How to implement a lazy setdefault?

Question

One minor annoyance with dict.setdefault is that it always evaluates its second argument (when given, of course), even when the first the first argument is already a key in the dictionary.

For example:

import random
def noisy_default():
    ret = random.randint(0, 10000000)
    print 'noisy_default: returning %d' % ret
    return ret

d = dict()
print d.setdefault(1, noisy_default())
print d.setdefault(1, noisy_default())

This produces ouptut like the following:

noisy_default: returning 4063267
4063267
noisy_default: returning 628989
4063267

As the last line confirms, the second execution of noisy_default is unnecessary, since by this point the key 1 is already present in d (with value 4063267).

Is it possible to implement a subclass of dict whose setdefault method evaluates its second argument lazily?

---

EDIT:

Below is an implementation inspired by BrenBarn's comment and Pavel Anossov's answer. While at it, I went ahead and implemented a lazy version of get as well, since the underlying idea is essentially the same.

class LazyDict(dict):
    def get(self, key, thunk=None):
        return (self[key] if key in self else
                thunk() if callable(thunk) else
                thunk)


    def setdefault(self, key, thunk=None):
        return (self[key] if key in self else
                dict.setdefault(self, key,
                                thunk() if callable(thunk) else
                                thunk))

Now, the snippet

d = LazyDict()
print d.setdefault(1, noisy_default)
print d.setdefault(1, noisy_default)

produces output like this:

noisy_default: returning 5025427
5025427
5025427

Notice that the second argument to d.setdefault above is now a callable, not a function call.

When the second argument to LazyDict.get or LazyDict.setdefault is not a callable, they behave the same way as the corresponding dict methods.

If one wants to pass a callable as the default value itself (i.e., not meant to be called), or if the callable to be called requires arguments, prepend lambda: to the appropriate argument. E.g.:

d1.setdefault('div', lambda: div_callback)

d2.setdefault('foo', lambda: bar('frobozz'))

Those who don't like the idea of overriding get and setdefault, and/or the resulting need to test for callability, etc., can use this version instead:

class LazyButHonestDict(dict):
    def lazyget(self, key, thunk=lambda: None):
        return self[key] if key in self else thunk()


    def lazysetdefault(self, key, thunk=lambda: None):
        return (self[key] if key in self else
                self.setdefault(key, thunk()))

Answer 1

This can be accomplished with defaultdict, too. It is instantiated with a callable which is then called when a nonexisting element is accessed.
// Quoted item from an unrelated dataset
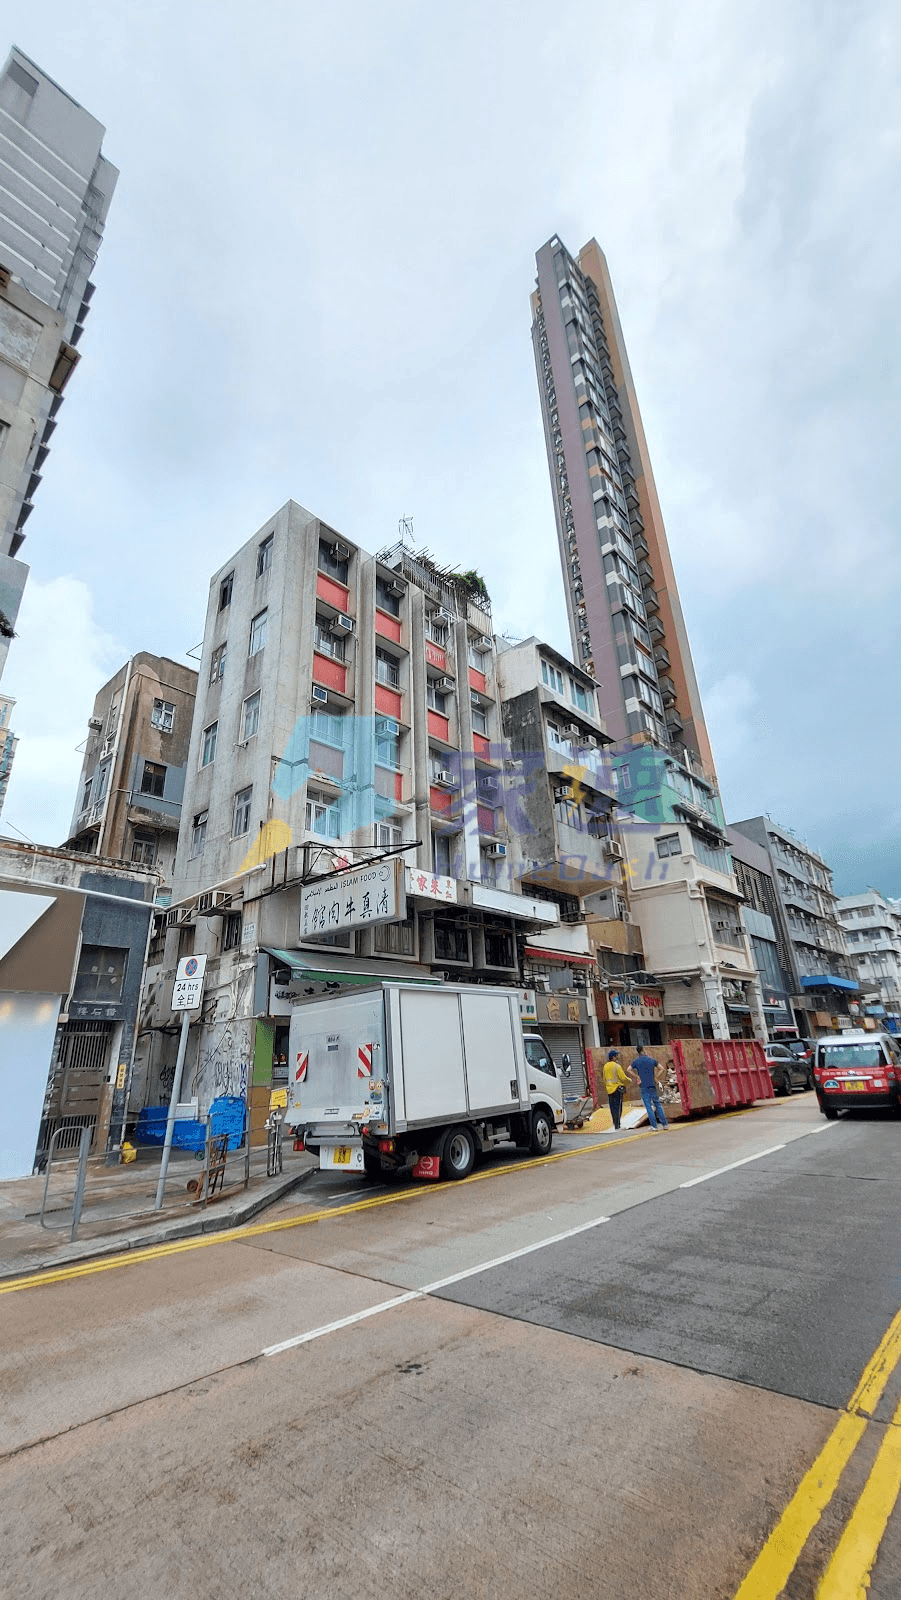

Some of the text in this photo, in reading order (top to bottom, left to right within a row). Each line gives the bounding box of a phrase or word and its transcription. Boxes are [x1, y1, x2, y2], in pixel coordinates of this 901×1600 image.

[340, 871, 377, 888] ISLAM FOOD
[176, 982, 199, 992] 24 hrs
[176, 994, 195, 1007] 全日
from collections import defaultdict

d = defaultdict(noisy_default)
d[1] # noise
d[1] # no noise

The caveat with defaultdict is that the callable gets no arguments, so you can not derive the default value from the key as you could with dict.setdefault. This can be mitigated by overriding __missing__ in a subclass:

from collections import defaultdict

class defaultdict2(defaultdict):
    def __missing__(self, key):
        value = self.default_factory(key)
        self[key] = value
        return value

def noisy_default_with_key(key):
    print key
    return key + 1

d = defaultdict2(noisy_default_with_key)
d[1] # prints 1, sets 2, returns 2
d[1] # does not print anything, does not set anything, returns 2

For more information, see the collections module.

Answer 2

You can do that in a one-liner using a ternary operator:

value = cache[key] if key in cache else cache.setdefault(key, func(key))

If you are sure that the cache will never store falsy values, you can simplify it a little bit:

value = cache.get(key) or cache.setdefault(key, func(key))

Answer 3

No, evaluation of arguments happens before the call. You can implement a setdefault-like function that takes a callable as its second argument and calls it only if it is needed.